Open your prompt in the dashboard
(https://2027.dev/evals/<orgDomain>/prompts/<id>) and copy the UUID from the
prompt-id block under the title.
You can also list all prompt IDs via the API:
curl -H "Authorization: Bearer $EVALS_API_KEY" \
https://2027.dev/evals/api/v1/promptsPick the recipe that matches your preview platform:
| Platform / use case | Recipe |
|---|---|
| Vercel, Mintlify, anything using GitHub's Deployments API | on: deployment_status (below) |
| Netlify | on: status with context filter (below) |
| Anything else, or you want full control | Run after your own deploy step (below) |
| Manual re-run from a PR (label or comment mention) | on: pull_request: [labeled] + issue_comment (below) |
Triggers on the platform's success deployment event — target_url is the preview URL.
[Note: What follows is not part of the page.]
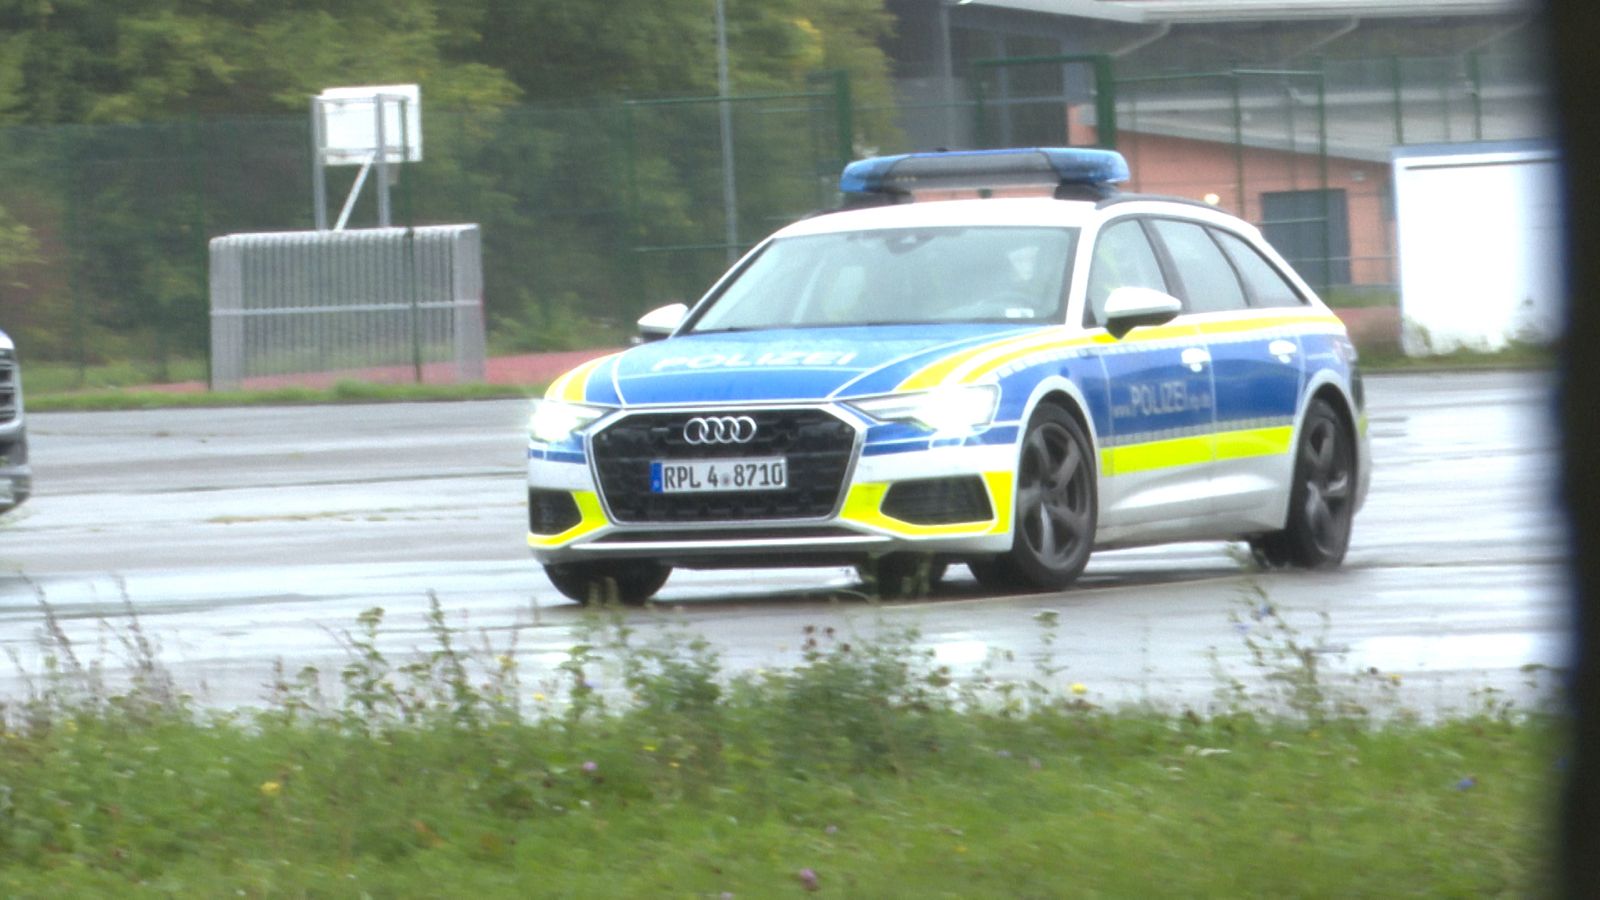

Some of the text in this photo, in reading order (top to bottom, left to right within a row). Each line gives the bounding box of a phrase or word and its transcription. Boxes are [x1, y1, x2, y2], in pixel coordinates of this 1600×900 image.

[652, 351, 857, 371] POLIZEI
[664, 463, 784, 489] RPL 4 8710
# .github/workflows/eval.yml
name: 2027 eval
on:
deployment_status:
jobs:
eval:
if: github.event.deployment_status.state == 'success'
runs-on: ubuntu-latest
permissions:
contents: read # for actions/checkout
pull-requests: write # sticky PR comment
statuses: write # commit status check
steps:
- uses: actions/checkout@v6
- uses: team2027/evals-action@v0.2.0
with:
api-key: ${{ secrets.EVALS_API_KEY }}
prompt-id: 12345678-1234-1234-1234-1234567890ab
url-map: |
{ "acme.com": "${{ github.event.deployment_status.target_url }}" }Netlify posts a legacy commit status (not a Deployment), so we trigger on status events and filter by context.
name: 2027 eval
on:
status:
jobs:
eval:
if: |
github.event.state == 'success' &&
contains(github.event.context, 'netlify/deploy-preview')
runs-on: ubuntu-latest
permissions:
contents: read # for actions/checkout
pull-requests: write # sticky PR comment
statuses: write # commit status check
steps:
- uses: actions/checkout@v6
- uses: team2027/evals-action@v0.2.0
with:
api-key: ${{ secrets.EVALS_API_KEY }}
prompt-id: 12345678-1234-1234-1234-1234567890ab
url-map: |
{ "acme.com": "${{ github.event.target_url }}" }Works on any platform — the action runs as a step right after your existing deploy step and consumes its output.
name: 2027 eval
on:
pull_request:
types: [opened, synchronize]
jobs:
deploy-and-eval:
runs-on: ubuntu-latest
permissions:
contents: read # for actions/checkout
pull-requests: write # sticky PR comment
statuses: write # commit status check
steps:
- uses: actions/checkout@v6
- id: deploy
uses: amondnet/vercel-action@v25
with:
vercel-token: ${{ secrets.VERCEL_TOKEN }}
vercel-project-id: ${{ secrets.VERCEL_PROJECT_ID }}
vercel-org-id: ${{ secrets.VERCEL_ORG_ID }}
- uses: team2027/evals-action@v0.2.0
with:
api-key: ${{ secrets.EVALS_API_KEY }}
prompt-id: 12345678-1234-1234-1234-1234567890ab
url-map: |
{ "acme.com": "${{ steps.deploy.outputs.preview-url }}" }Re-run an eval on an existing PR without pushing a commit — useful for testing prompt changes, retrying after a flake, or letting a reviewer fire the eval manually. Two complementary triggers:
name: 2027 eval (on-demand)
on:
pull_request:
types: [labeled]
issue_comment:
types: [created]
jobs:
eval:
if: >-
(github.event_name == 'pull_request' &&
github.event.label.name == 'trigger: preview') ||
(github.event_name == 'issue_comment' &&
github.event.issue.pull_request &&
contains(github.event.comment.body, '@2027dev'))
runs-on: ubuntu-latest
permissions:
contents: read
pull-requests: write
statuses: write
steps:
- uses: actions/checkout@v6
- uses: team2027/evals-action@v0.7.0
with:
api-key: ${{ secrets.EVALS_API_KEY }}
prompt-id: 12345678-1234-1234-1234-1234567890ab
url-map: |
{ "acme.com": "https://your-preview-url" }Three gotchas worth knowing:
- Where the workflow is loaded from differs by event.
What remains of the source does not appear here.